Article
Polymorphisms in TGFB1 and PDGFR are associated with moyamoya disease in European patients
Search Medline for
Authors
Published: | September 16, 2010 |
---|
Outline
Text
Objective: The etiology of Moyamoya disease is still widely unknown. Several publications on Moyamoya describe differences of cytokine and growth factor concentrations in different specimen. We analyzed the DNA of patients with Moyamoya disease for single nucleotide polymorphisms in and upstream of the genes for previously described associated cytokines and growth factors.
Methods: 13 SNPs were genotyped in or upstream to 4 genes (bFGF, CRABP1, PDGFRB, TGFB1) comparing 40 DNA samples of Moyamoya disease patients to 68 healthy controls from central Europe.
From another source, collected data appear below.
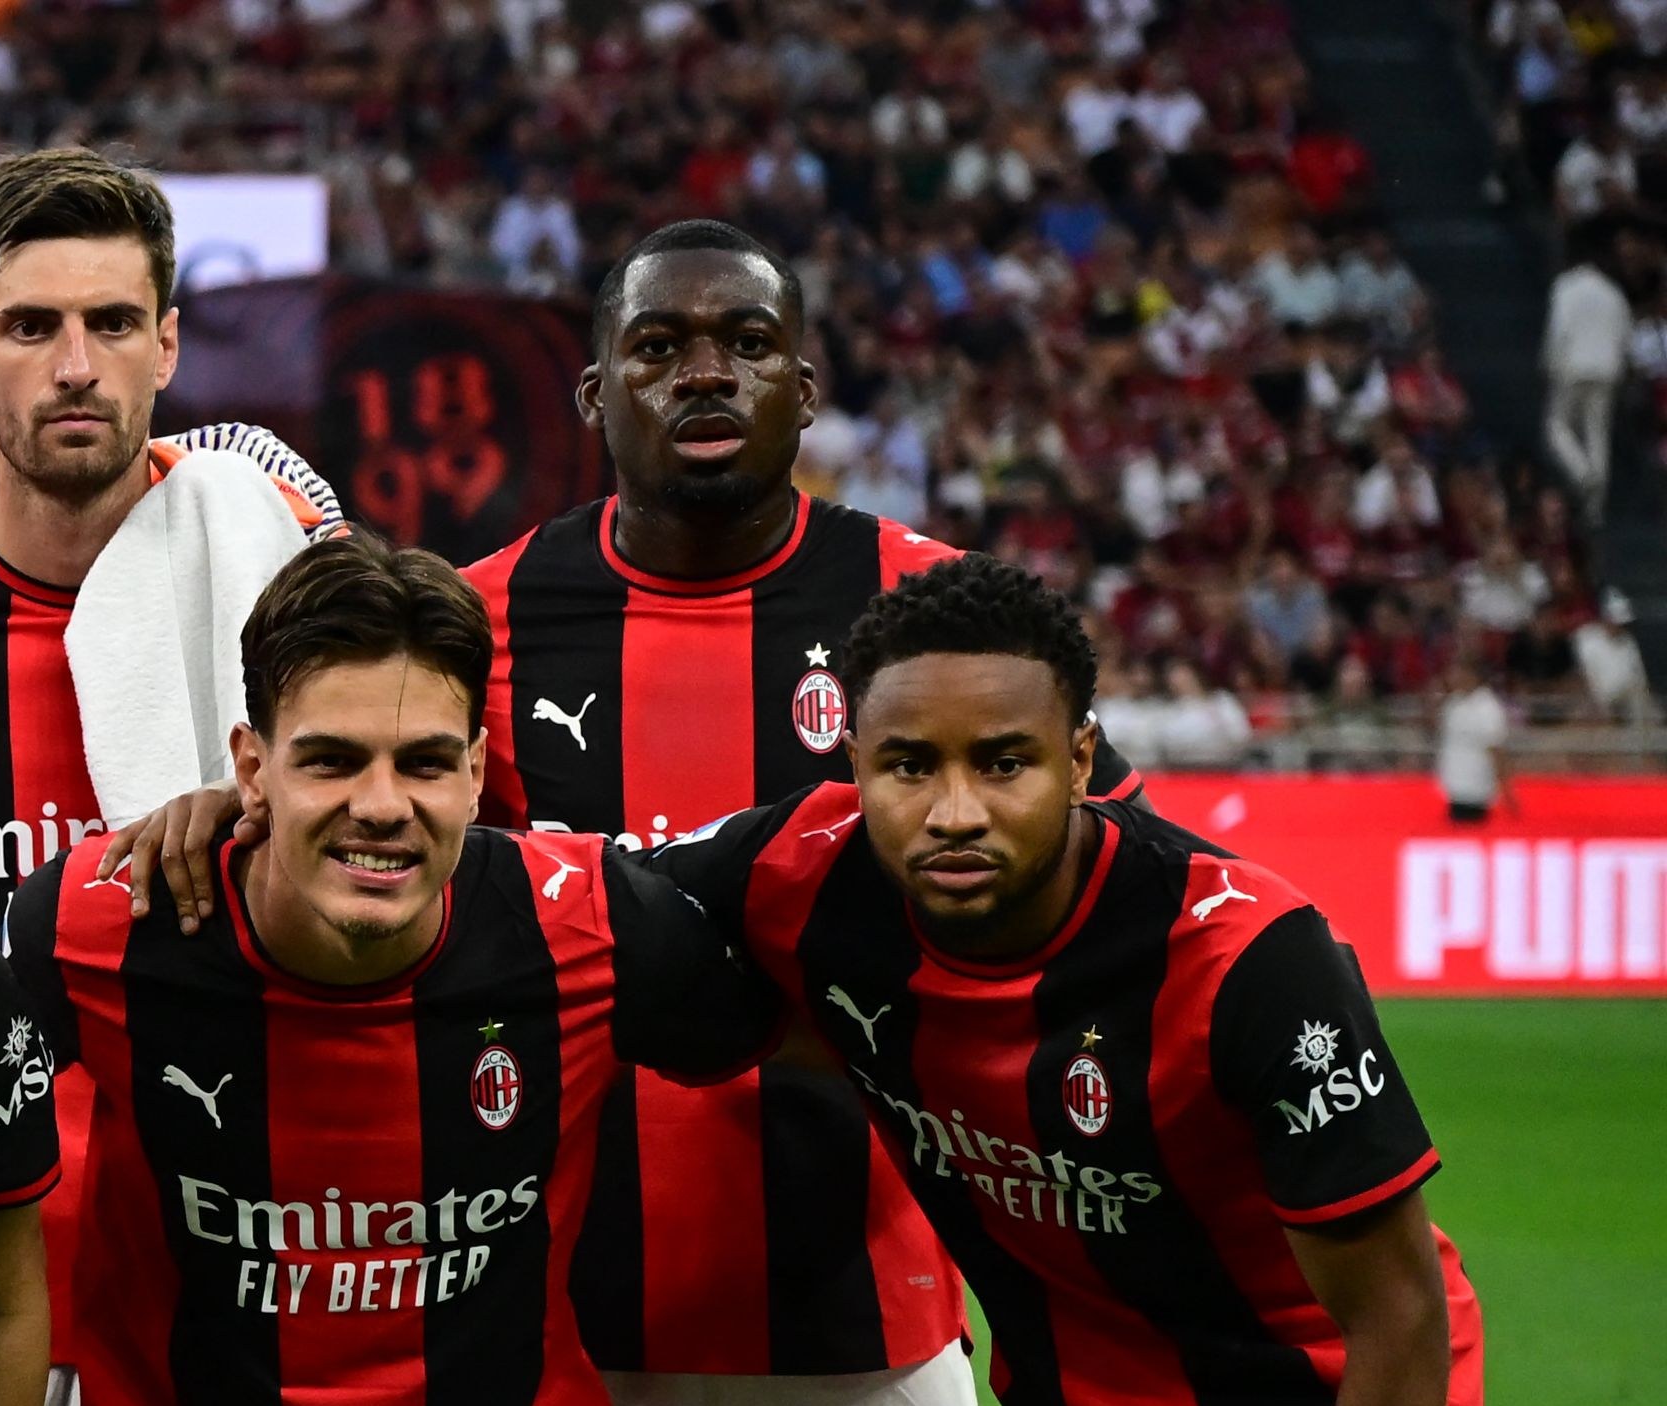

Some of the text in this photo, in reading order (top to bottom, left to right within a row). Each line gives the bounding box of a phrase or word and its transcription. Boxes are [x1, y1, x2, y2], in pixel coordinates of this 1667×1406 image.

[805, 676, 833, 691] ACM
[808, 733, 834, 743] 1899
[1397, 840, 1667, 978] PUM
[482, 1052, 510, 1071] ACM
[1073, 1061, 1101, 1079] ACM
[1273, 1049, 1385, 1135] MSC
[486, 1109, 511, 1121] 1899
[178, 1173, 539, 1251] Emirates
[237, 1244, 491, 1314] FLY BETTER
Genotyping was performed by sequencing the SNP containing genetic regions with custom made primers.
Results: We found association of two SNPs: rs382861 [A/C] (p=0.0373, OR=1.81, 95% CI=1.03–3.17) in the promoter region of PDGFR and rs1800471[C/G] (p=0.0345, OR=7.65, 95% CI=0.97-59.95), located in the first exon of TGFB1.
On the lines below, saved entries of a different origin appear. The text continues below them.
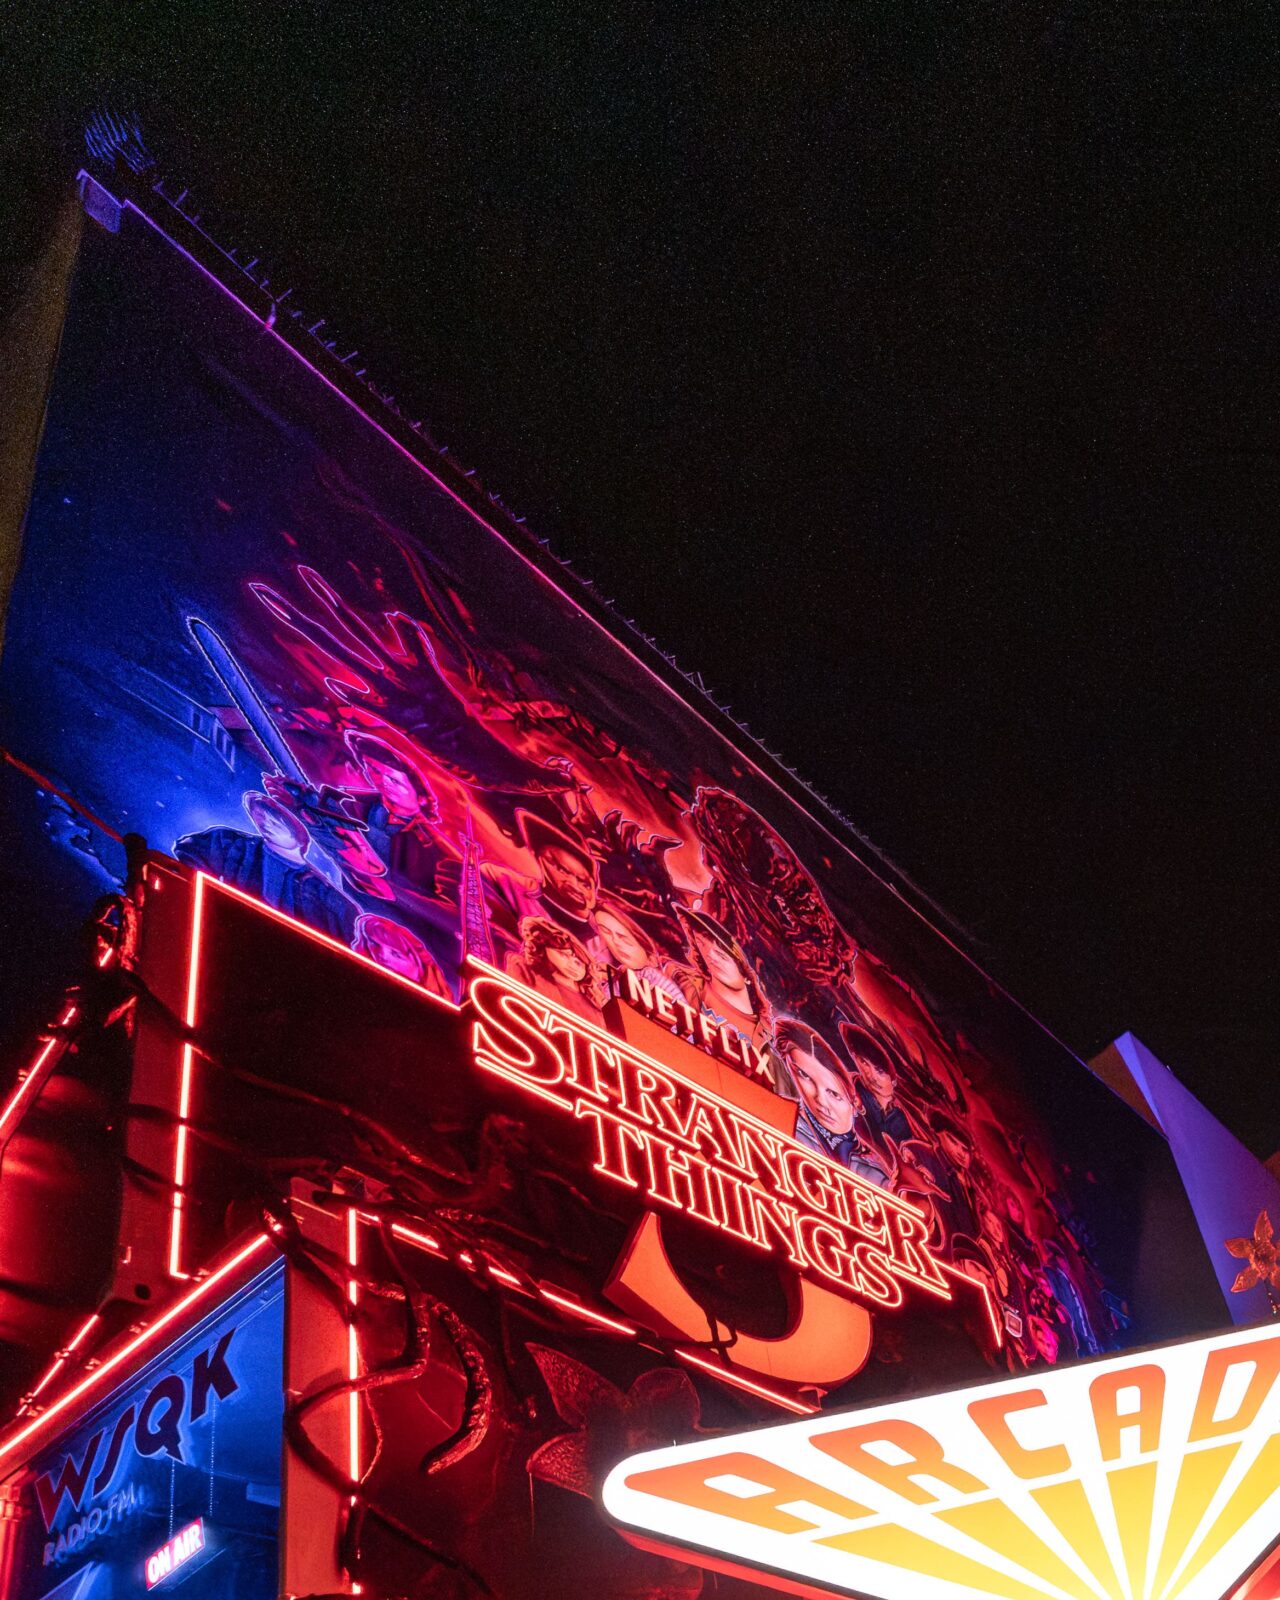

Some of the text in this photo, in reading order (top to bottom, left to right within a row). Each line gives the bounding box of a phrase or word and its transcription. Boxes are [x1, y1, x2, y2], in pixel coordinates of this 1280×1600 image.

[470, 976, 946, 1286] STRANGER
[626, 972, 776, 1085] NETFLIX
[574, 1098, 903, 1308] THINGS
[35, 1327, 239, 1534] WSQK
[148, 1523, 201, 1584] ON AIR
Conclusions: Our results indicate possible genetic risk factors for the genesis of Moyamoya disease. TGFB1 and PDGF(R) are involved in vascular growth and transformation processes which may play a role in the development of Moyamoya disease. Further analyses in larger European cohorts and replication in patients of different ethnicity, as well as functional studies may lead to possible early detection of patients at risk for developing MMD and subsequently to future preventive therapies.